[Opening Given entries section]
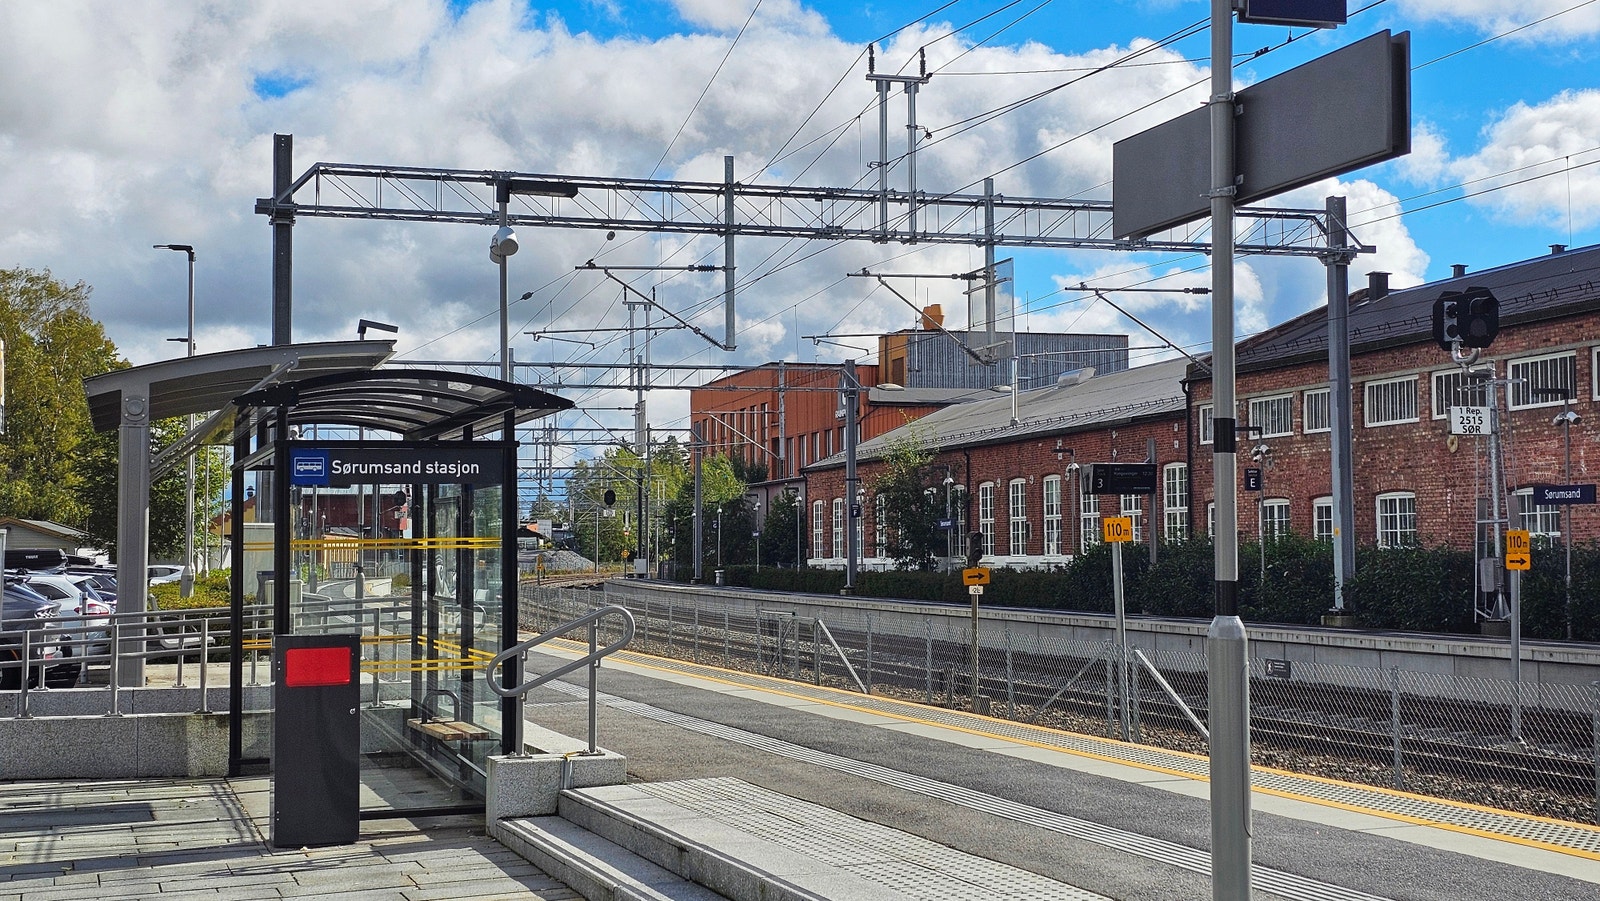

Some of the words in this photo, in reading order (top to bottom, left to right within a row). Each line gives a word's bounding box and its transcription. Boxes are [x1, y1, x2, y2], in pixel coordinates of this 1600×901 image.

[1466, 407, 1483, 416] Rep.
[1459, 416, 1484, 425] 2515
[1462, 425, 1481, 434] SØR
[331, 460, 421, 475] Sørumsand
[425, 460, 480, 478] stasjon
[1097, 478, 1104, 489] 3
[1250, 477, 1256, 488] E
[1544, 487, 1581, 500] Sørumsand
[1106, 522, 1123, 537] 110
[1123, 528, 1130, 536] m
[1508, 535, 1522, 548] 110
[Closing Given entries section]
* What this task involves: All of the material above should be set down again exactly, though not its pictures.

* Solution to the problem:
Some of the words in this photo, in reading order (top to bottom, left to right within a row). Each line gives a word's bounding box and its transcription. Boxes are [x1, y1, x2, y2], in pixel coordinates of this 1600×901 image.

[1466, 407, 1483, 416] Rep.
[1459, 416, 1484, 425] 2515
[1462, 425, 1481, 434] SØR
[331, 460, 421, 475] Sørumsand
[425, 460, 480, 478] stasjon
[1097, 478, 1104, 489] 3
[1250, 477, 1256, 488] E
[1544, 487, 1581, 500] Sørumsand
[1106, 522, 1123, 537] 110
[1123, 528, 1130, 536] m
[1508, 535, 1522, 548] 110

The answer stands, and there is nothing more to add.